"Alle Jahre wieder..."

So heißt es auch in einem bekannten Weihnachtslied. Irgendwie auch lustig, dass man „alle Jahre wieder“ alle Jahre wieder zur Weihnachtszeit singt. Aber Weihnachten ist noch viel mehr, als nur Weihnachtslieder singen, bei denen man von Jahr zu Jahr immer textsicherer wird. Nein, für mich ist Weihnachten ein Gefühl, das immer um die Adventszeit aufkommt. Jetzt frage ich mich aber doch, woran das liegt, dass ich immer pünktlich zur Weihnachtszeit in weihnachtliche Stimmung komme. Hab ich vielleicht eine eingebaute Uhr? Die immer zu dieser Zeit ein kleines Glöckchen erklingen lässt damit festliche Stimmung in mir auflodert? Wahrscheinlich nicht. Mein nächster Gedanke war, dass es ja auch nicht unbedingt von mir selber erweckt wird. Ende November, manchmal auch schon früher, fangen wir bei mir zuhause an, die Wohnung ein wenig weihnachtlich zu dekorieren. Dazu kommt der leckere Weihnachtstee, den man, wenn es kalt draußen ist, schön genießen kann … Ja, bei dem Gedanken wird mir doch ganz warm ums Herz.

Damit ist es jedoch noch nicht getan. Der Adventkranz kommt ins Haus, die Kerzen werden nach und nach erleuchtet, mit der Zeit sind immer mehr Türchen vom Adventskalender geöffnet und auch die Leute um einen rum kommen immer mehr in feierliche Stimmung.

Ja, so kommt man richtig schön in Weihnachtsstimmung.

Was aber, wenn das nicht der Fall ist?

So eine Situation hatte ich auch schon mal selbst erfahren. Es war eigentlich wie jedes Jahr. Die Wohnung war geschmückt, der Tee schmeckte mal wieder hervorragend und im Adventskalender waren schon 23 Türchen geöffnet. Trotzdem fühlte ich nicht dieses Gefühl von Weihnachten, welches ich die letzten Jahre immer so genossen hatte. Nein da war nichts, es fühlte sich auch am 24. Dezember nicht danach an. Nun stand sogar der Weihnachtsbaum in der Wohnung und trotzdem wollte mein Kopf sich nicht auf Weihnachten einstellen.

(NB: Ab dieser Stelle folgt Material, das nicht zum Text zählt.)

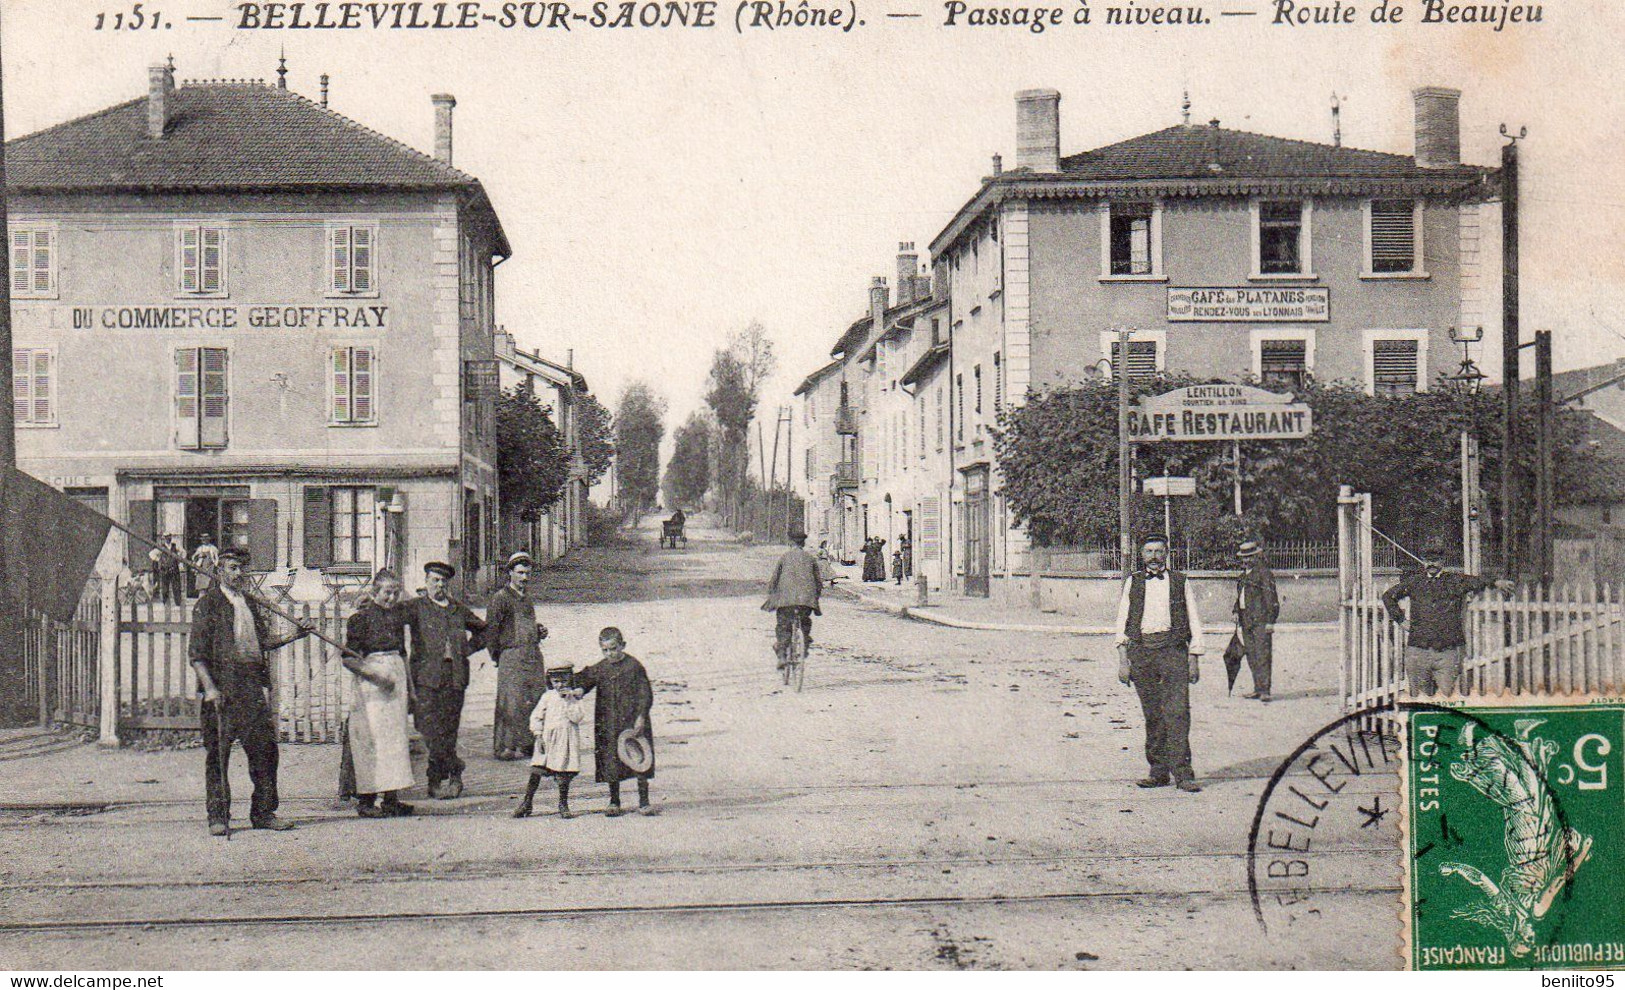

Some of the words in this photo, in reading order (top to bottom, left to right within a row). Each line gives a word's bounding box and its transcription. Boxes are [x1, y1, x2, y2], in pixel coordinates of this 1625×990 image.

Trotzdem habe ich mich hübsch gemacht, da meine Familie und ich auch in diesem Jahr, wie jedes Jahr, zusammen in den Weihnachtsgottesdienst gingen. Also machten wir uns auf, es dämmerte schon ein wenig als wir ankamen. Wir waren auch, alle Jahre wieder, eine oder zwei Minuten zu spät.

Als ich die Kirche betrat, alle saßen, da und der riesige Tannenbaum leuchtete hell, kam ganz plötzlichen dieses vertraute warme Gefühl in mir auf. Es ist Weihnachten. Das realisierte ich in diesem Moment. Ich fühlte mich gut, und dass Gott bei mir war.

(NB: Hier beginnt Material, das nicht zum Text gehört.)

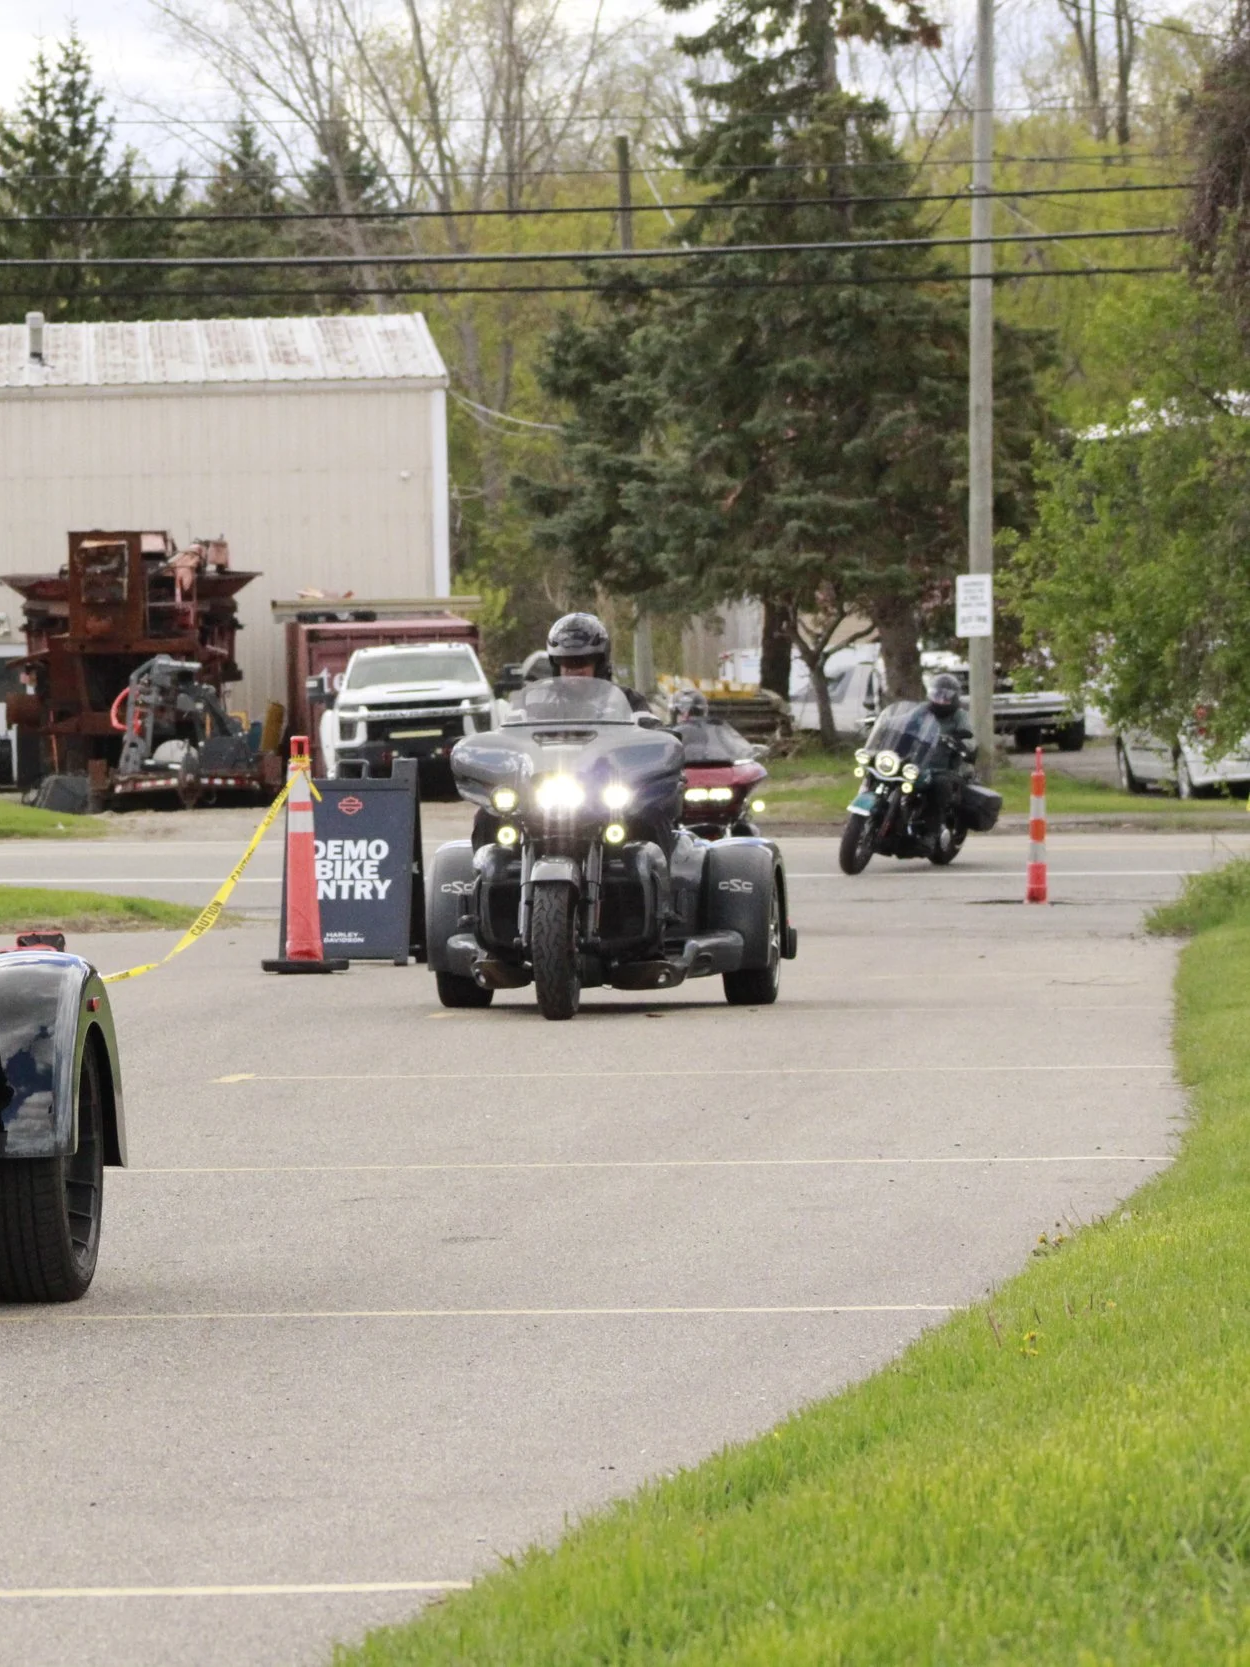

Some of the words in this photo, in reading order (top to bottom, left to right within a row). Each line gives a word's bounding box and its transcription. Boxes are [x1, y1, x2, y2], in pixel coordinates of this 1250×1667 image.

[313, 839, 389, 860] DEMO
[315, 860, 380, 880] BIKE
[317, 880, 392, 900] NTRY
[190, 899, 223, 937] CAUTION

Und für alle, die es interessiert, dies war eines der schönsten Weihnachtsfeste, die ich erlebt habe. Und alle, die gerade so empfinden wie ich in diesem Jahr, denen kann ich mitgeben:

Habt Vertrauen. Gott und Jesus nehmen sich deiner an. Und wenn es soweit ist, wirst du es merken und dich richtig gut fühlen, so wie ich mich an diesem Weihnachtsfest am Ende auch.

Nun wünsche ich Euch allen ein so schönes Weihnachtsfest, wie ich damals hatte.